People frequently ask "What is the difference between a counsellor and a psychotherapist?"
A legal definition of these titles does not exist in the UK at the moment; and consequently, there is a considerable difference in how organisations and individuals define these titles. In order to offer you some clarity our definitions follow:
Psychotherapist - Qualified to degree level (First Class or Upper second class grade) in a relevant subject, plus has post graduate counselling qualifications to at least level 7.
Counsellor - Has counselling qualifications from level 4-6, plus may or may not have a degree or other qualifications in relevant or other subjects.
Trainee Counsellor - Has counselling qualifications from level 1-3 or is working towards a higher counselling qualification but does not yet hold a recognised counselling qualification.

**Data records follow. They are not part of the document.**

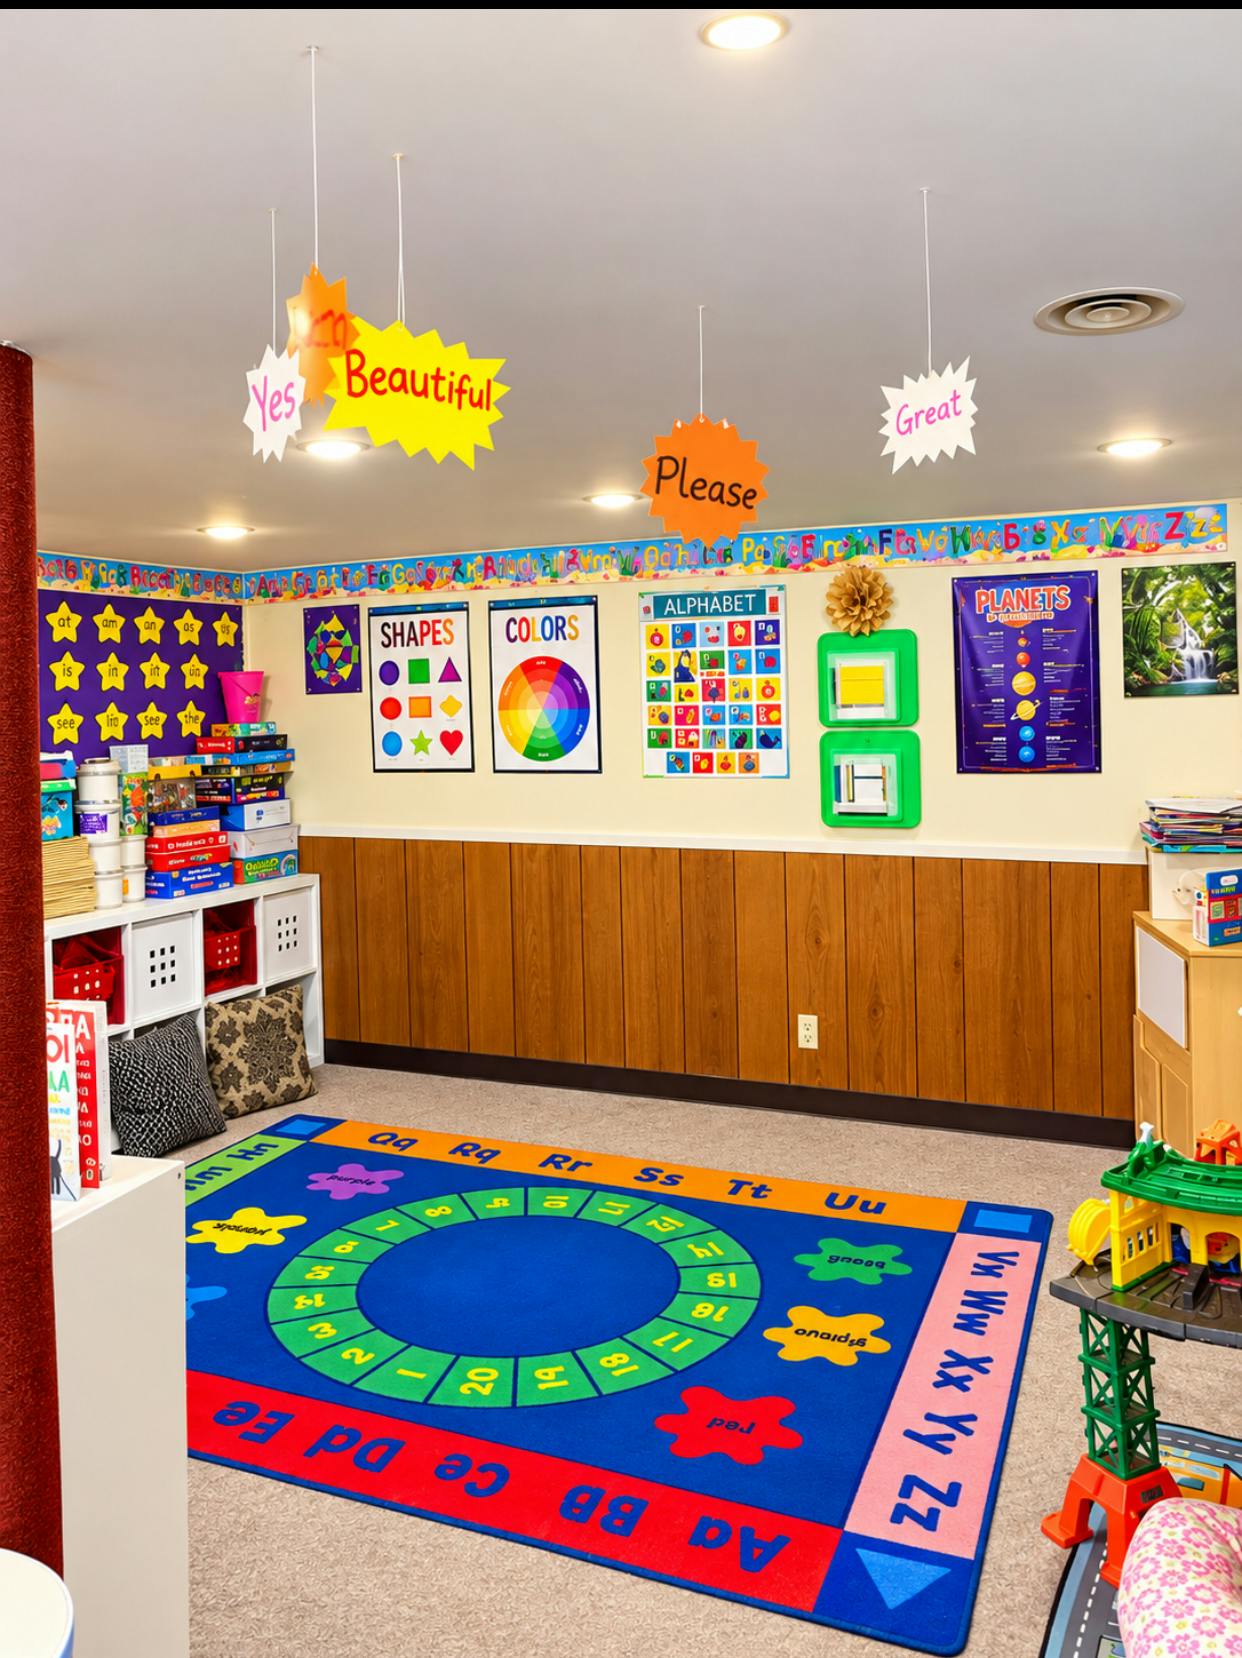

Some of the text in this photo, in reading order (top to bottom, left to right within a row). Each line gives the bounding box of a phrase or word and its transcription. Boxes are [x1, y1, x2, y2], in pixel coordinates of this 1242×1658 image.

[345, 349, 491, 411] Beautiful
[252, 376, 295, 432] Yes
[896, 389, 961, 436] Great
[655, 456, 757, 510] Please
[664, 594, 756, 616] ALPHABET
[975, 585, 1071, 614] PLANETS
[58, 615, 71, 628] at
[102, 617, 118, 628] am
[144, 620, 156, 631] an
[381, 618, 454, 648] SHAPES
[506, 615, 579, 643] COLORS
[62, 664, 73, 677] is
[108, 663, 118, 677] in
[56, 717, 75, 729] see
[143, 714, 160, 726] see
[183, 712, 200, 725] the
[368, 1133, 418, 1151] Qq
[538, 1153, 592, 1172] Rr
[634, 1167, 684, 1186] Ss
[728, 1179, 773, 1199] Tt
[825, 1192, 887, 1215] Uu
[425, 1205, 452, 1217] 8
[953, 1290, 1008, 1336] Ww
[308, 1322, 337, 1339] 3
[341, 1348, 374, 1365] 2
[599, 1354, 639, 1377] 18
[396, 1368, 426, 1379] 1
[459, 1367, 499, 1396] 20
[534, 1366, 569, 1390] 19
[932, 1350, 994, 1393] Xx
[213, 1402, 294, 1445] Ee
[706, 1417, 756, 1435] red
[903, 1413, 978, 1455] Yy
[304, 1424, 406, 1474] Dd
[559, 1484, 650, 1538] BB
[890, 1475, 962, 1532] Zz
[687, 1515, 790, 1574] Aa

There are lots of counselling courses available in the community from all sorts of training
establishments, many of which offer short courses or distance learning, even branding them as
'advanced diplomas'. The majority of these are level 1-3 courses.

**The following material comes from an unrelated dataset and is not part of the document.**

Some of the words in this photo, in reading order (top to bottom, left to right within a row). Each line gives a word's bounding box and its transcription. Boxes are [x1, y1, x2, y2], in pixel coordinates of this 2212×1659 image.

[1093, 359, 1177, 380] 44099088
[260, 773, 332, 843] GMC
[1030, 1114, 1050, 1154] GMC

Qualifications & Experience
ACAPS principal therapist, Jo Ashburner holds an MA in Cognitive Behavioural therapy (CBT); First Class BA(Hons) degree in Counselling and Psychology; Two Post Graduate level 7 diplomas, one in Therapeutic Counselling (CBT pathway) and the other in Counselling Children and Young People, in addition to a Post Graduate level 5 certificate in Therapeutic counselling skills.
ACAPS associate therapists have a minimum qualification of a level 5 diploma in therapeutic counselling that they have achieved from University.